Things Nino hates about me: I yell. I’m ungrateful. I threw things when we were married.
Things I hate about Nino: That he left.
Five years ago
I supported the kids after the divorce, so he’s always had save-the-world jobs that pay almost nothing. But he came to the farm every weekend to see the kids.
Once he had to skip two weekends for a work trip. I said, “Are you going to Europe?”
“No,” he said. “Georgia.”
“For two weeks? For what?”
“It’s actually just one week, but I’m taking the bus there and back because our research doesn’t have a lot of funding.” I told myself it’s ridiculous that he can have a job that does not pay enough to support a family. I told myself my kids are never working at a job where time is so undervalued that you travel by bus.
When the divorce was not so raw and the kids were not so young, they played by themselves and we sat on the back porch and talked. I asked him about his research. He told me some vague answer but I asked a few more times and then I realized he worked as an advocate for men who don’t pay child support. AND I LOST MY SHIT. But silently. I told myself don’t worry, it’ll be a good storyline for a movie about me.
Another day, on the porch, I asked about the men who don’t pay child support. As in, of all the people to advocate for, why them?
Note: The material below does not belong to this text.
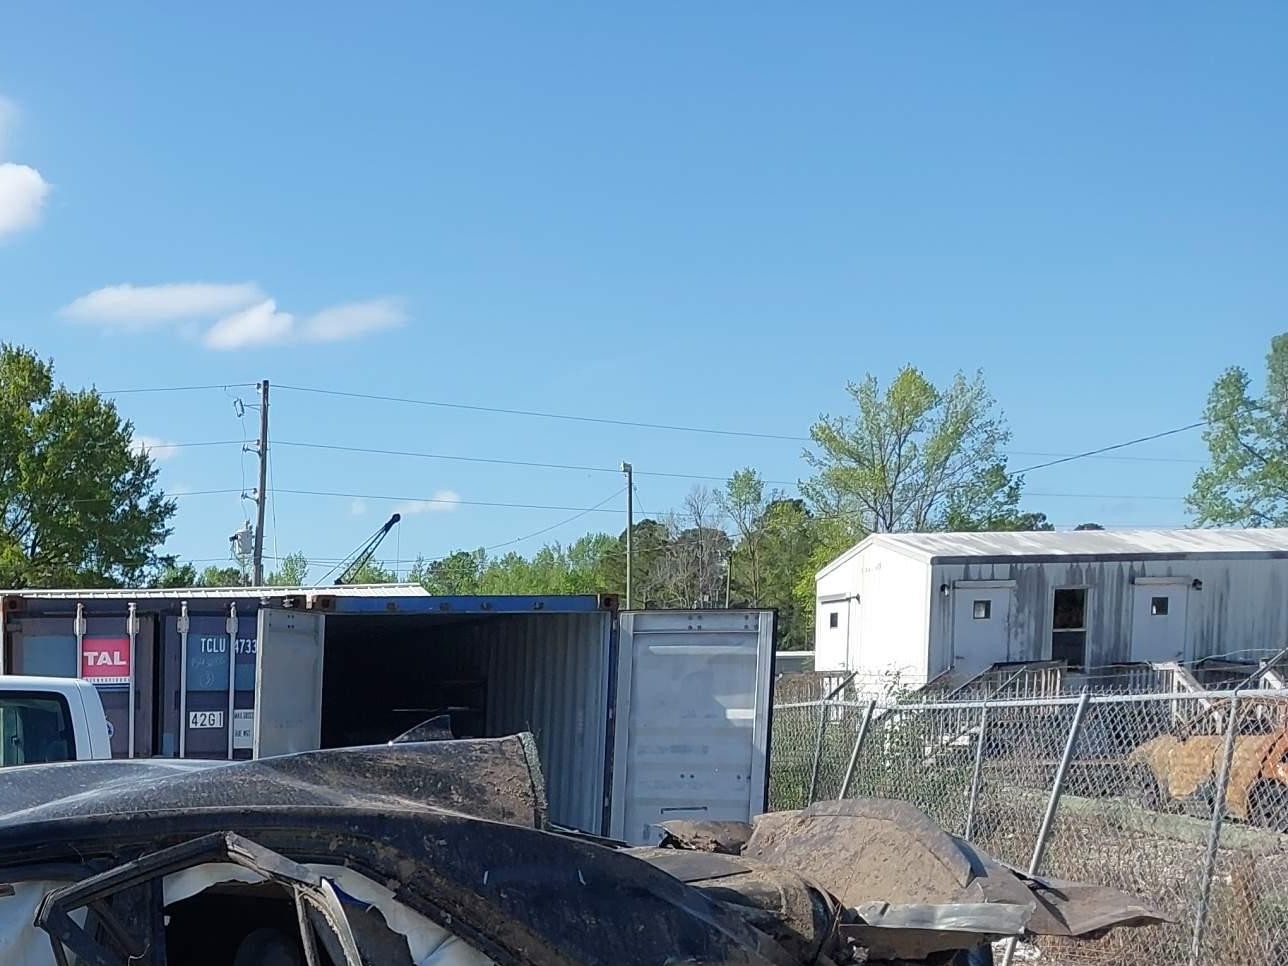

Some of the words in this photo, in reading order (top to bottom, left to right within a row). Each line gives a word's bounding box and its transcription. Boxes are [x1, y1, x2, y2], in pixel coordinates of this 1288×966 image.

[200, 638, 226, 653] TCLU
[83, 651, 128, 666] TAL
[192, 713, 222, 727] 42G1
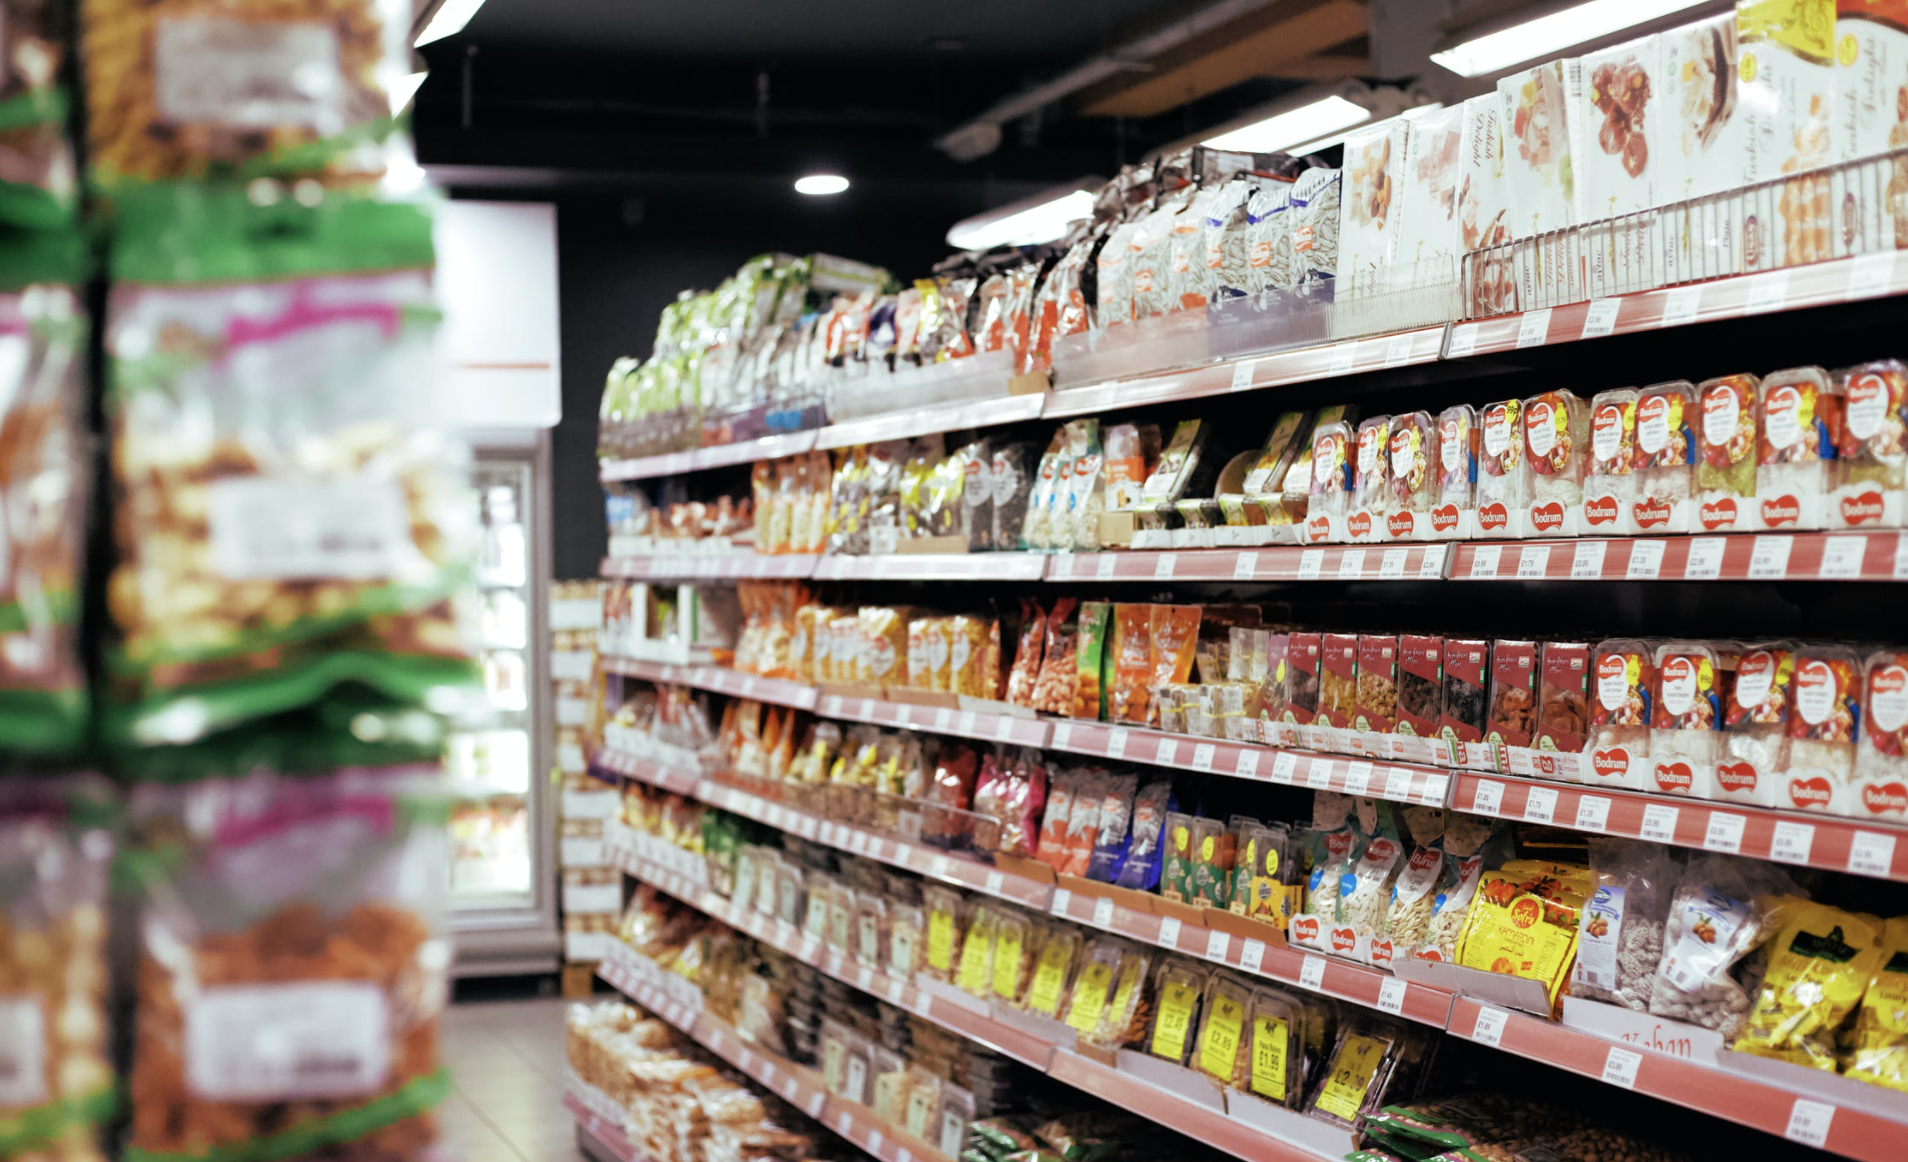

It turns out that men in prison can’t pay child support, because they’re in prison. So while they’re in prison, the government pays money to the mom and kids. But when the dad gets out of prison they can’t see their kids until they pay back what they owe to the government for covering for them. And, of course, most men in prison are Black, and then Black kids can’t see their dad.
It was a lot to get my head around. He recommended that I read The New Jim Crow. I also read some of his research. After that, I decided that I was helping the world by enabling him to fight against the prison system. Now I know I do not get to be the hero in the story of helping Black people. But I didn’t know that then.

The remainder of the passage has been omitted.